[Excerpts from a dataset]

● ● ● ● ●

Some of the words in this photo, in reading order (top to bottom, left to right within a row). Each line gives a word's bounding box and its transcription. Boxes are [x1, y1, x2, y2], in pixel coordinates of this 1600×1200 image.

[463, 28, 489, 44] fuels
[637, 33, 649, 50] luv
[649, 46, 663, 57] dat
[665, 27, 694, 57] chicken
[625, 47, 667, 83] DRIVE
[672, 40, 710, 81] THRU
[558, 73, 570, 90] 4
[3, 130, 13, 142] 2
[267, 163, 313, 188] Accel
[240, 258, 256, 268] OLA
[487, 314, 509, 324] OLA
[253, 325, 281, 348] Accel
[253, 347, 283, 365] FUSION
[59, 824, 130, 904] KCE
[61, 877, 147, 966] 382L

● ● ● ● ●

— Work instruction —
All the records above need to be transcribed exactly and in full.

— Reply to the exercise —
Some of the words in this photo, in reading order (top to bottom, left to right within a row). Each line gives a word's bounding box and its transcription. Boxes are [x1, y1, x2, y2], in pixel coordinates of this 1600×1200 image.

[463, 28, 489, 44] fuels
[637, 33, 649, 50] luv
[649, 46, 663, 57] dat
[665, 27, 694, 57] chicken
[625, 47, 667, 83] DRIVE
[672, 40, 710, 81] THRU
[558, 73, 570, 90] 4
[3, 130, 13, 142] 2
[267, 163, 313, 188] Accel
[240, 258, 256, 268] OLA
[487, 314, 509, 324] OLA
[253, 325, 281, 348] Accel
[253, 347, 283, 365] FUSION
[59, 824, 130, 904] KCE
[61, 877, 147, 966] 382L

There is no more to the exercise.